Batería de estado sólido en motos: entre pruebas y críticas

Publicada: 21 abril, 2026
una moto Verge TS Pro posa sobre una plataforma circular en cuyo contorno se puede leer "Donut-solid state"
Donut Lab responde a las críticas con pruebas reales, pero su tecnología aún enfrenta desafíos clave en motos eléctricas.

Donut Lab contra las dudas: qué intenta demostrar

Desde su presentación, la batería de estado sólido en motos eléctricas desarrollada por Donut Lab se movió siempre en una zona incómoda: la de las grandes promesas enfrentadas a un escepticismo igualmente fuerte. Las cifras anunciadas —una densidad energética de 400 Wh/kg, una vida útil de hasta 100.000 ciclos y tiempos de carga que rozan los cinco minutos— no solo llamaron la atención, sino que también despertaron críticas directas dentro de la industria, donde varios actores consideran que esos parámetros son difíciles de sostener al mismo tiempo con la tecnología actual.

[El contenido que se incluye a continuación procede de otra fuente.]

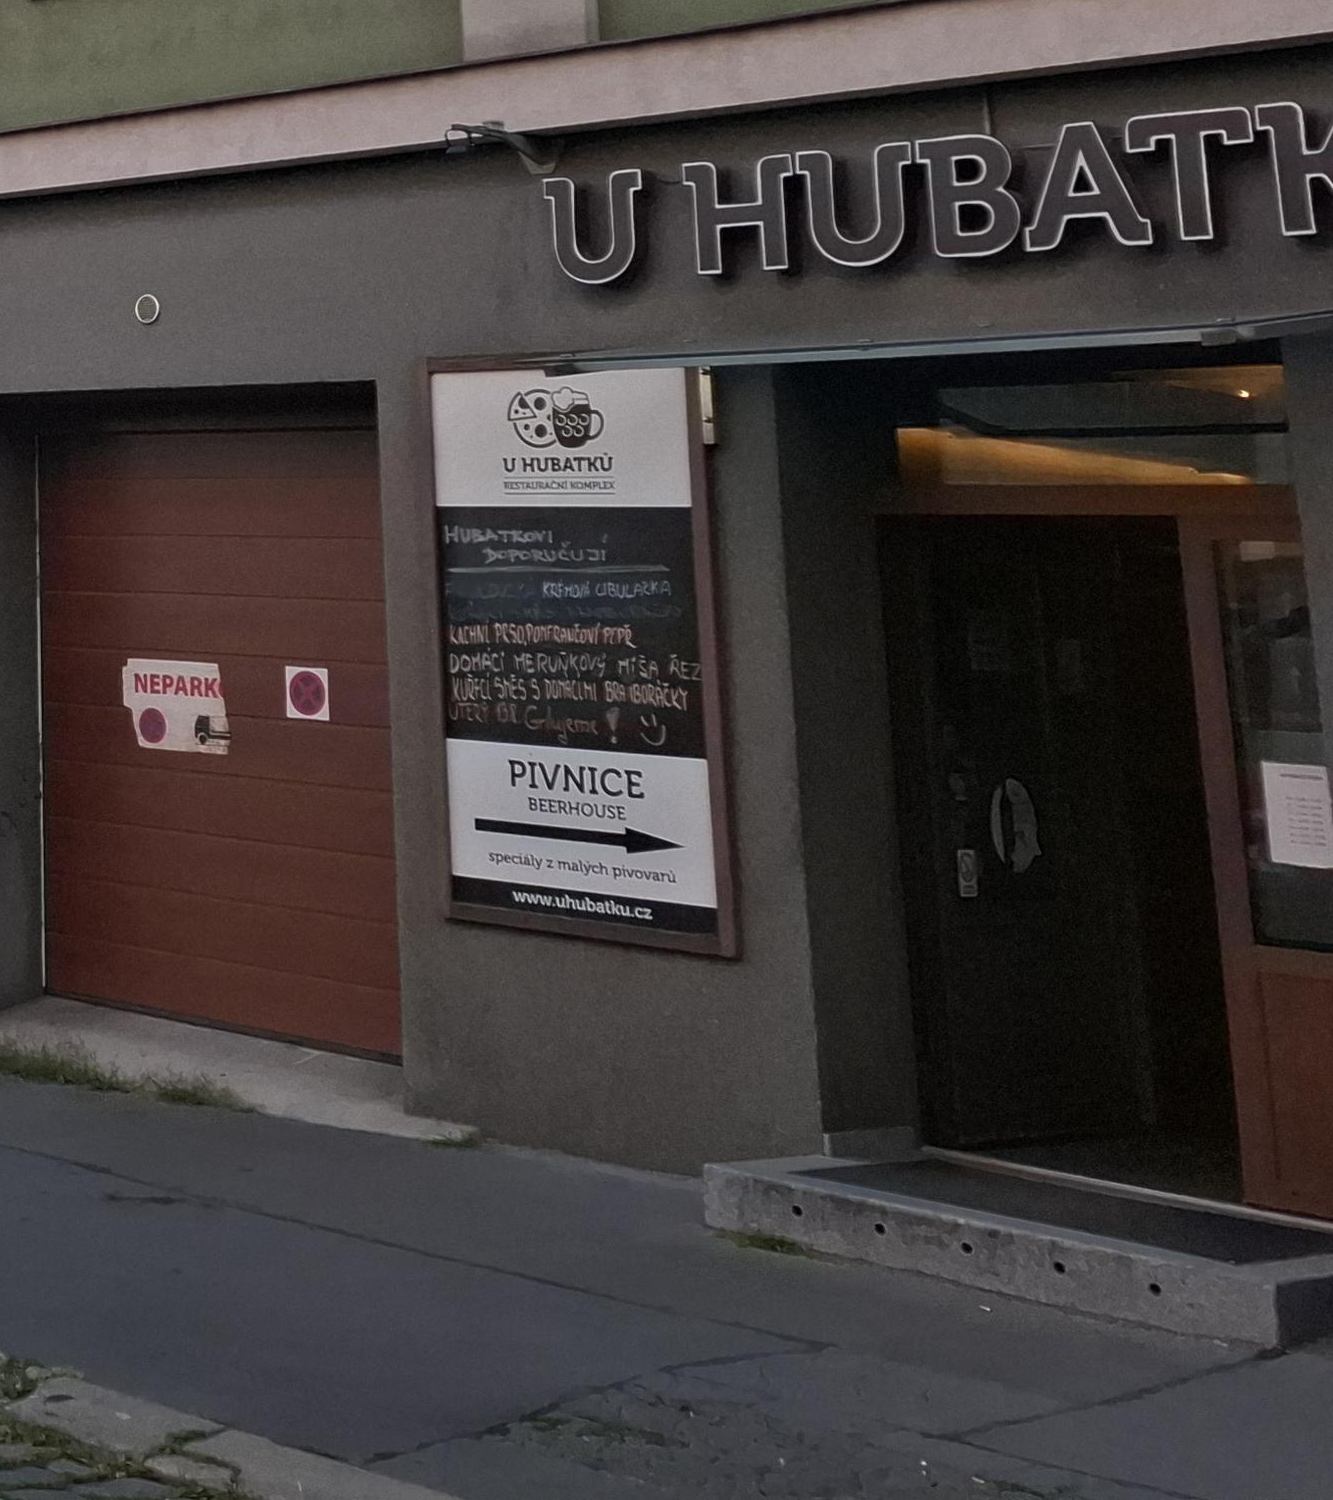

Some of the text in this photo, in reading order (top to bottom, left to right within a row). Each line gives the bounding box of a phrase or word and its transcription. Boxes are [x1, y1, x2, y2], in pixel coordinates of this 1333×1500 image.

Lejos de retroceder, la compañía finlandesa decidió avanzar en sentido contrario. En lugar de moderar su discurso, optó por exponer progresivamente su desarrollo a través de pruebas públicas y contenidos técnicos, con el objetivo de demostrar que su batería no es un concepto teórico. La serie “I Donut Believe” responde directamente a ese planteo: mostrar evidencia concreta para contrarrestar las dudas y validar, paso a paso, que su propuesta puede funcionar más allá del laboratorio.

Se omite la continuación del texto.